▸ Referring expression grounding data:
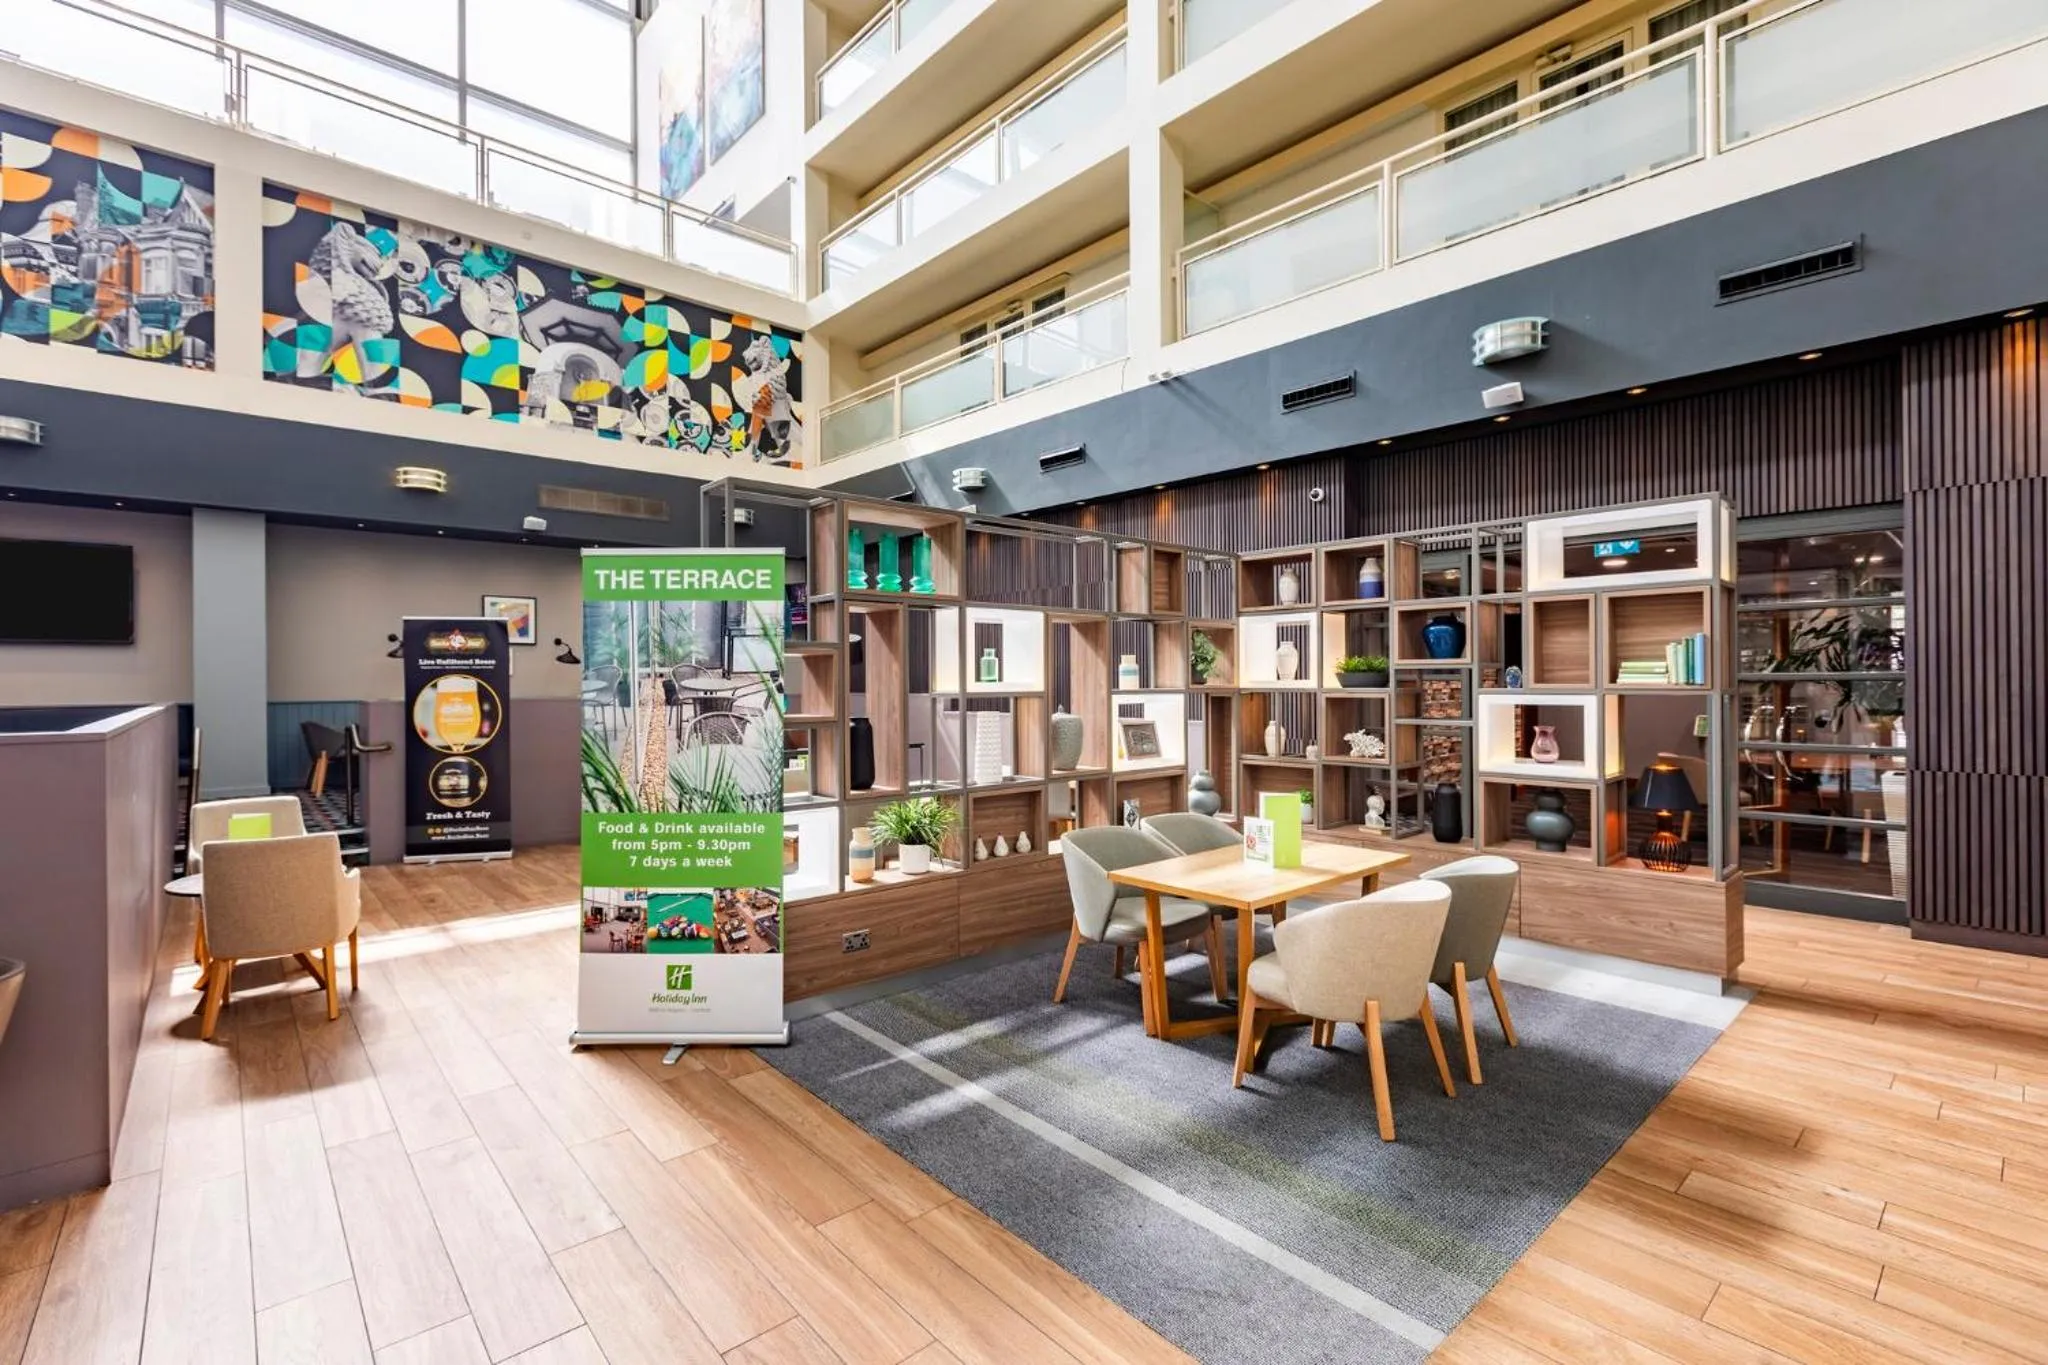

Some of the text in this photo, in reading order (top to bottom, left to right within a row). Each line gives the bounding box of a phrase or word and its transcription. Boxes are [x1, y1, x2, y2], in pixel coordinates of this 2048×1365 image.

[594, 568, 773, 590] THE TERRACE
[425, 810, 491, 821] Fresh & Tasty
[598, 821, 766, 834] Food & Drink available
[611, 838, 646, 851] from
[650, 839, 682, 853] 5pm
[696, 838, 751, 853] 9.30pm
[629, 855, 733, 870] 7 days a week
[652, 992, 707, 1005] Holiday Inn
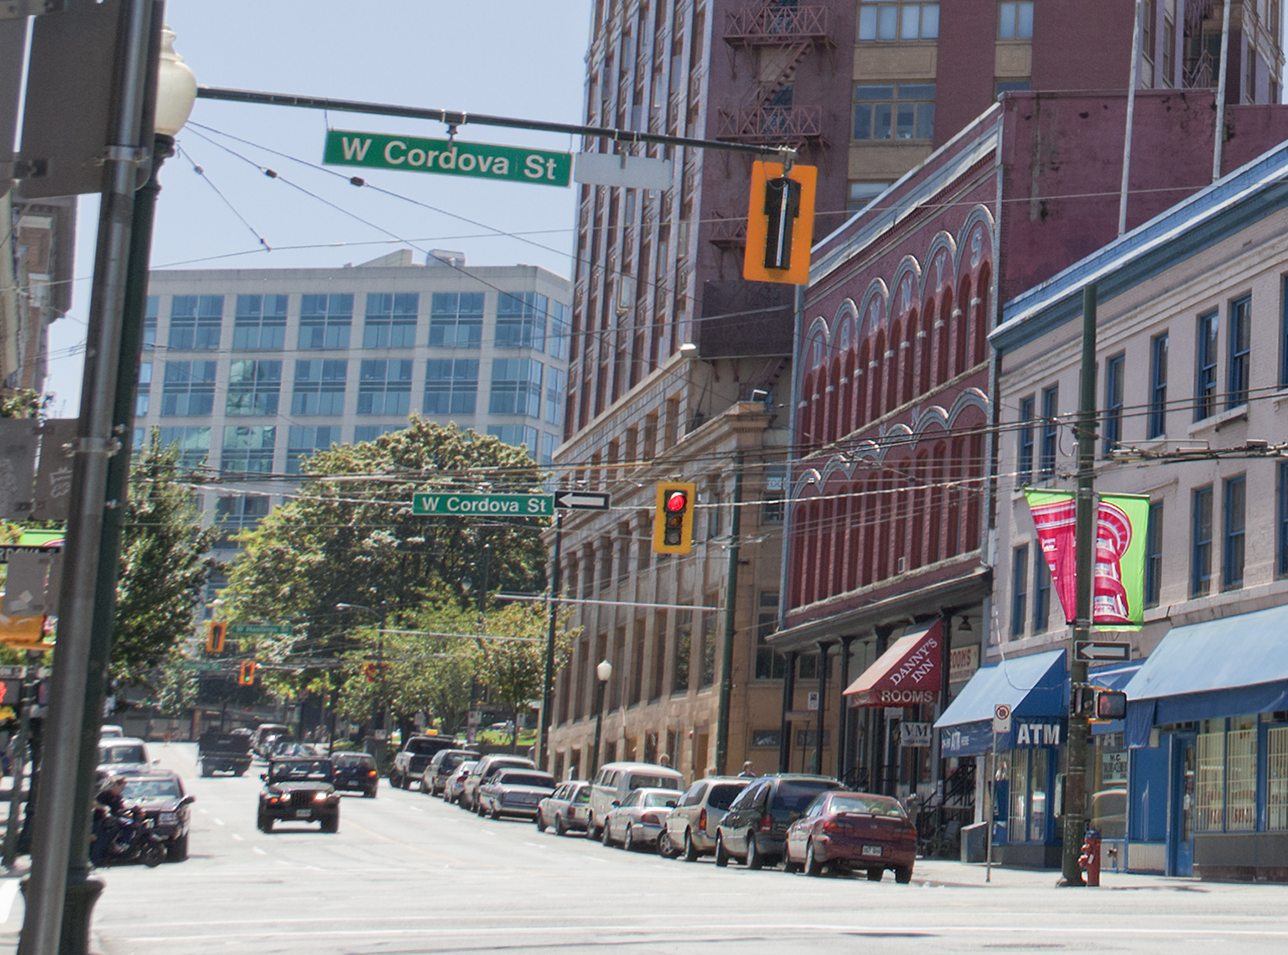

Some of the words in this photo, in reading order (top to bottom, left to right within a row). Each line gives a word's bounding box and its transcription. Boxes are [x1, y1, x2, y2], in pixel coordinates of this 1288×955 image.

[342, 136, 373, 161] W
[384, 140, 510, 175] Cordova
[523, 154, 557, 180] St
[422, 497, 440, 511] W
[446, 497, 519, 512] Cordova
[527, 498, 547, 513] St
[889, 637, 938, 686] DANNY'S
[911, 659, 935, 683] INN
[881, 690, 933, 703] ROOMS
[904, 724, 928, 737] VM
[1017, 724, 1060, 745] ATM
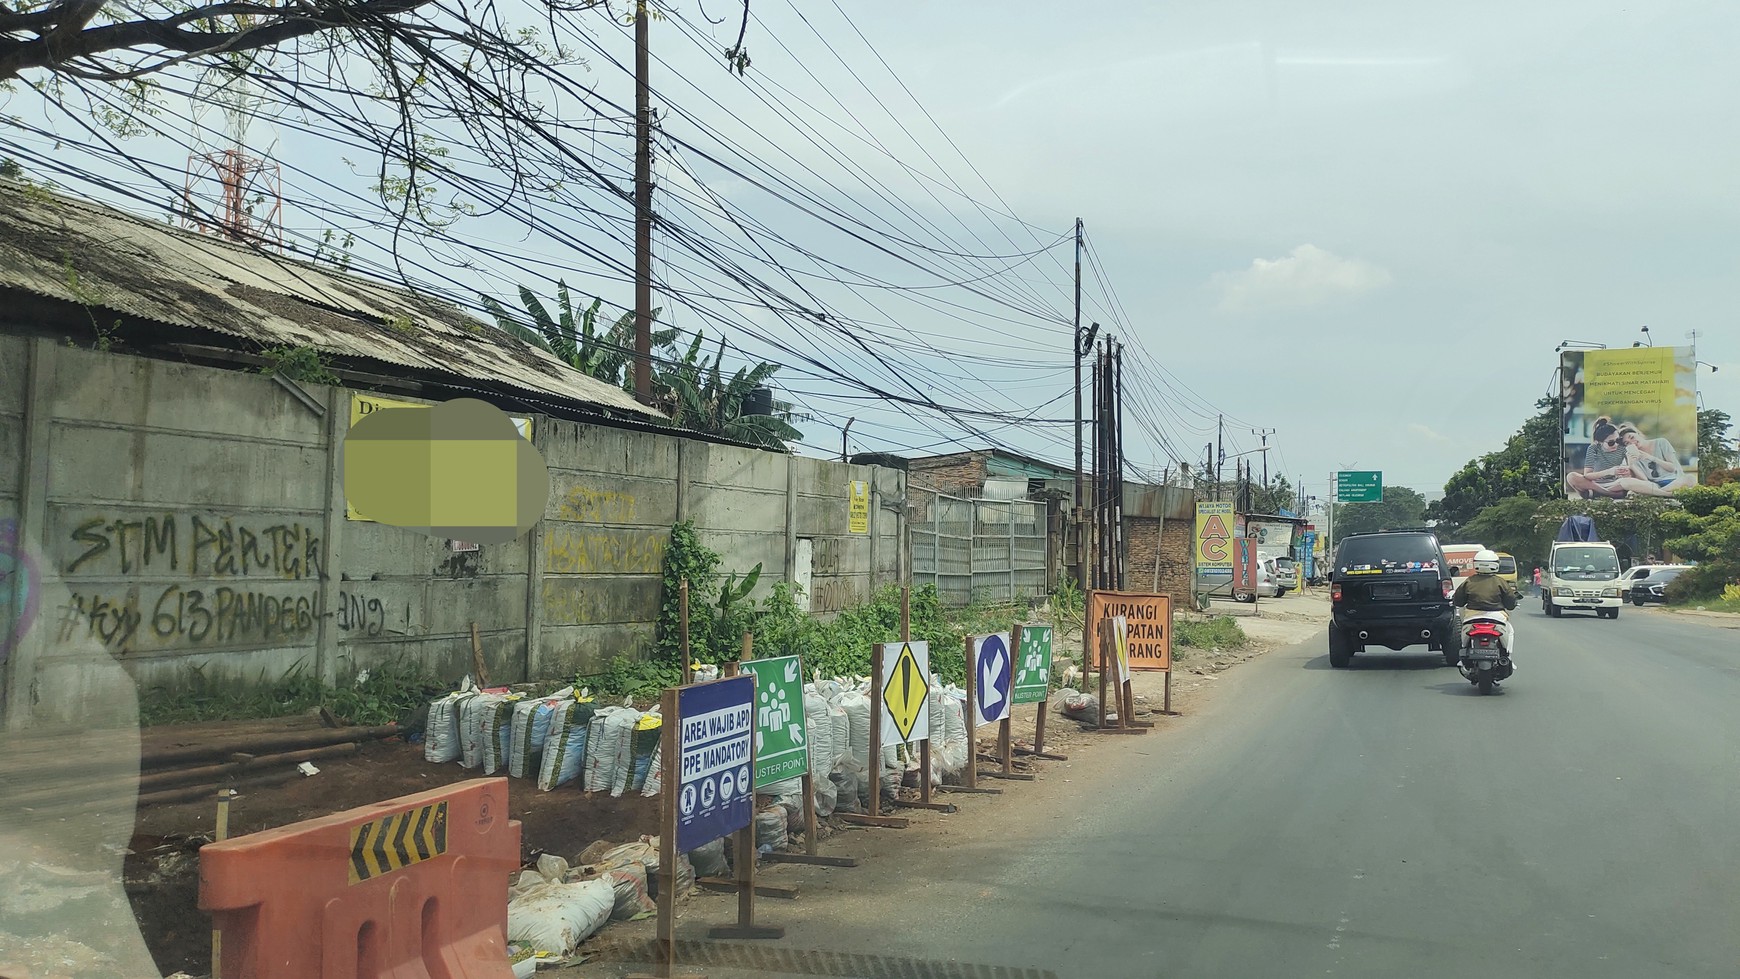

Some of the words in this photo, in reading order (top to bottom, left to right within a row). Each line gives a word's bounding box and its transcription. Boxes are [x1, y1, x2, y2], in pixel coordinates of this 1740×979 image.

[67, 514, 177, 574] STM
[1103, 603, 1157, 620] KURANGI
[684, 722, 707, 744] AREA
[708, 713, 734, 737] WAJIB
[736, 708, 750, 729] APD
[684, 753, 701, 777] PPE
[703, 738, 750, 770] MANDATORY
[755, 763, 781, 779] USTER
[783, 757, 805, 772] POINT
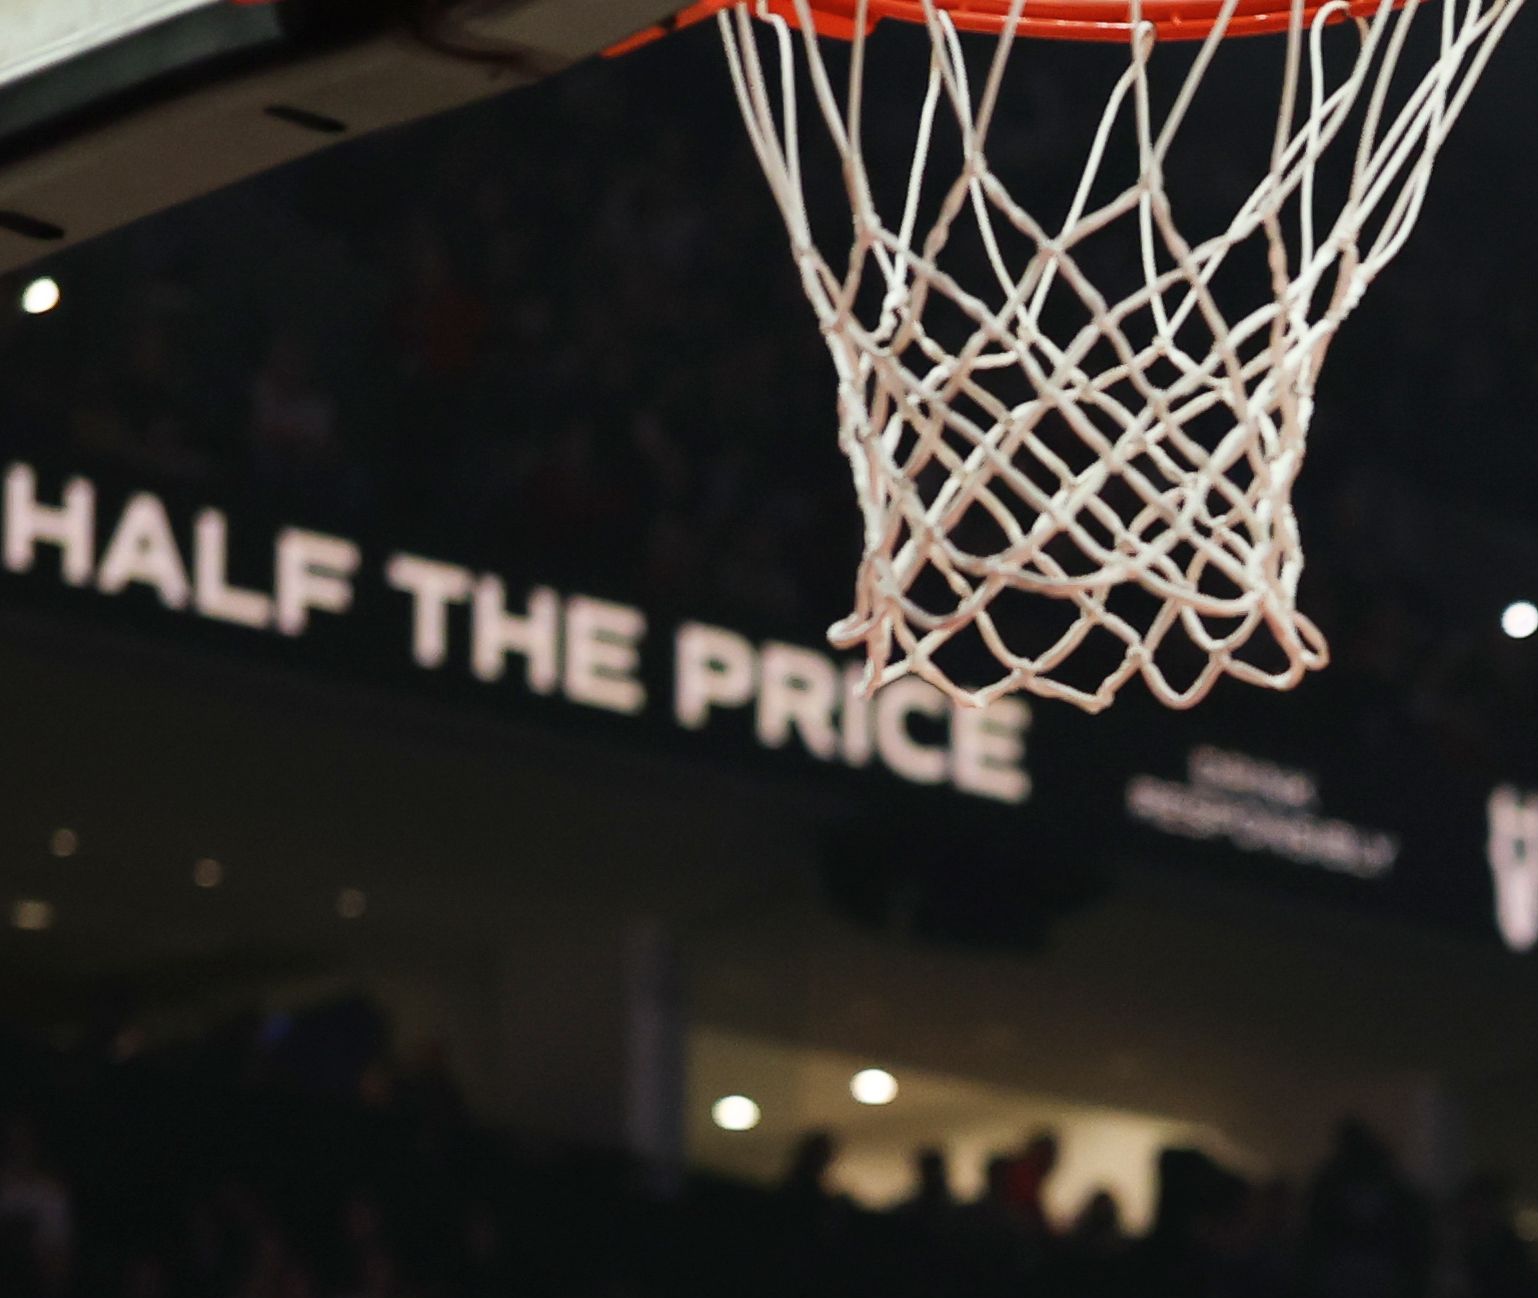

▸ Exercise brief: Copy out the data above to the letter, and keep every picture out of it.

▸ Exercise answer:
Some of the text in this photo, in reading order (top to bottom, left to right within a row). Each line gives the bounding box of a phrase or word and its transcription. Boxes are [x1, y1, x2, y2], in pixel coordinates of this 2048×1365 image.

[594, 568, 773, 590] THE TERRACE
[425, 810, 491, 821] Fresh & Tasty
[598, 821, 766, 834] Food & Drink available
[611, 838, 646, 851] from
[650, 839, 682, 853] 5pm
[696, 838, 751, 853] 9.30pm
[629, 855, 733, 870] 7 days a week
[652, 992, 707, 1005] Holiday Inn

Some of the words in this photo, in reading order (top to bottom, left to right within a row). Each line gives a word's bounding box and its transcription. Boxes are [x1, y1, x2, y2], in pixel coordinates of this 1288×955 image.

[342, 136, 373, 161] W
[384, 140, 510, 175] Cordova
[523, 154, 557, 180] St
[422, 497, 440, 511] W
[446, 497, 519, 512] Cordova
[527, 498, 547, 513] St
[889, 637, 938, 686] DANNY'S
[911, 659, 935, 683] INN
[881, 690, 933, 703] ROOMS
[904, 724, 928, 737] VM
[1017, 724, 1060, 745] ATM

Some of the words in this photo, in reading order (top to bottom, left to right within a row). Each line gives a word's bounding box and its transcription. Boxes are [x1, y1, x2, y2], in pixel coordinates of this 1740×979 image.

[67, 514, 177, 574] STM
[1103, 603, 1157, 620] KURANGI
[684, 722, 707, 744] AREA
[708, 713, 734, 737] WAJIB
[736, 708, 750, 729] APD
[684, 753, 701, 777] PPE
[703, 738, 750, 770] MANDATORY
[755, 763, 781, 779] USTER
[783, 757, 805, 772] POINT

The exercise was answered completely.